2554/ The small size
of most bacteria is owed to their limited abilities. Since
they have few ways to transport nutrients across their cell
membranes, they rely on diffusion to move food into their
cells, and wastes out of them. This process of diffusion is
limited by the surface area of a cell, which is the space
that a cell's surface would occupy if it were stretched out
flat. As a cell gets bigger, both its volume and surface area
increase, but its surface area increases more slowly than
its volume. Above a certain size, there is not enough surface
area to absorb all of the nutrients that the increasing cell
volume needs. So, the limit of a bacterium's size is related
to the proportion of its surface area to its volume.
2555/ Organisms that
use the earth's geomagnetic field have some type of internal
compass. The smallest organisms that use this navigational
method are called magnetotactic bacteria.
2556/ Magnetotactic bacteria
were discovered in 1975 by Richard P. Blakemore. Blakemore
noticed that some of the bacteria that he observed under a
microscope always moved to the same side of the slide. If
he held a magnet near the slide, the bacteria would move towards
the north end of the magnet. These bacteria are able to do
this because they make tiny, iron-containing, magnetic particles.
Each of these particles is a magnet with a north pole and
a south pole. The bacteria arrange these tiny magnets in a
line to make one long magnet. They use this magnet as a compass
to align themselves to the earth's geomagnetic field.
2557/ At the equator,
the geomagnetic north doesn't point up or down, so the magnetotactic
bacteria found there are a mixture of north-seeking and south-seeking
bacteria.
2558/ Deinococcus radiodurans
(said Din-o-coc-us rad-i-o-dew-ranz) was first found in food
in the 1950's - food supposedly sterilized by radiation treatments.

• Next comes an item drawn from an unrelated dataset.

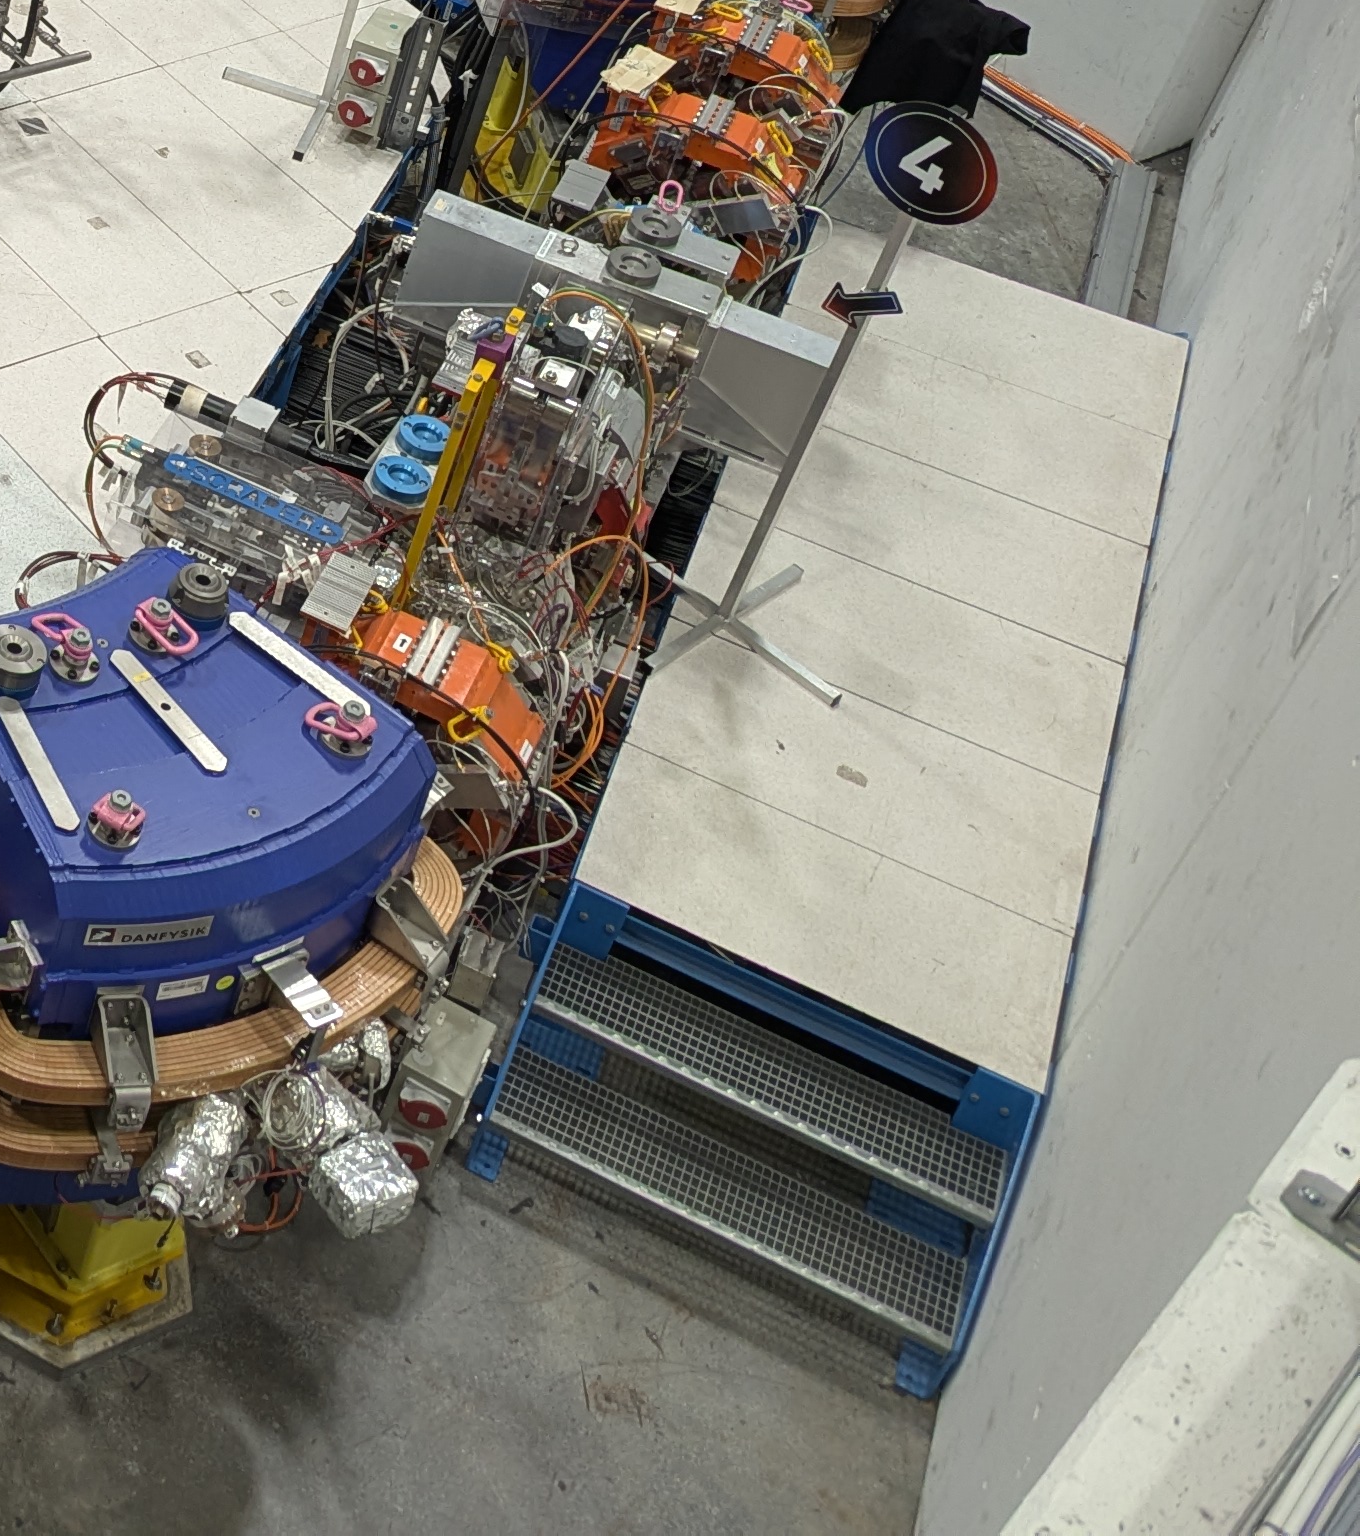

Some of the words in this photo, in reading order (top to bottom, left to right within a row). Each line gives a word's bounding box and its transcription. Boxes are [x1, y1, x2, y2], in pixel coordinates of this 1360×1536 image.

2559/ It has been discovered
that Deinococcus is as resistant to complete dehydration as
it is to radiation. In fact, the same response is elicited
by the organism when exposed to dry conditions as it is when
exposed to high radiation levels, leading researchers to conclude
that the organism evolved to survive long periods of dehydration,
and that the resistance to radiation is only incidental to
the discovery and development of radiation emitting technology
during the second half of this century.
2560/ The first person
to see microbes was a seventeenth century Dutch cloth merchant
named Antoni van Leeuwenhoek. Leeuwenhoek made his own microscopes
by grinding high-quality lenses, which he used to view drops
of blood, pondwater, bits of skin, scrapings from his teeth,
minerals, plant tissue and other samples. He called the tiny
creatures he observed "animalcules." Even before
we knew what they are, we were using microbes to do work for
us, such as leavening bread, turning grapes into wine and
curdling milk to make cheese. Now we have the means to manipulate
microbial genes so that they make industrial enzymes, vitamins
and many important medicines, as well as continue to perform
their centuries old functions in food processing.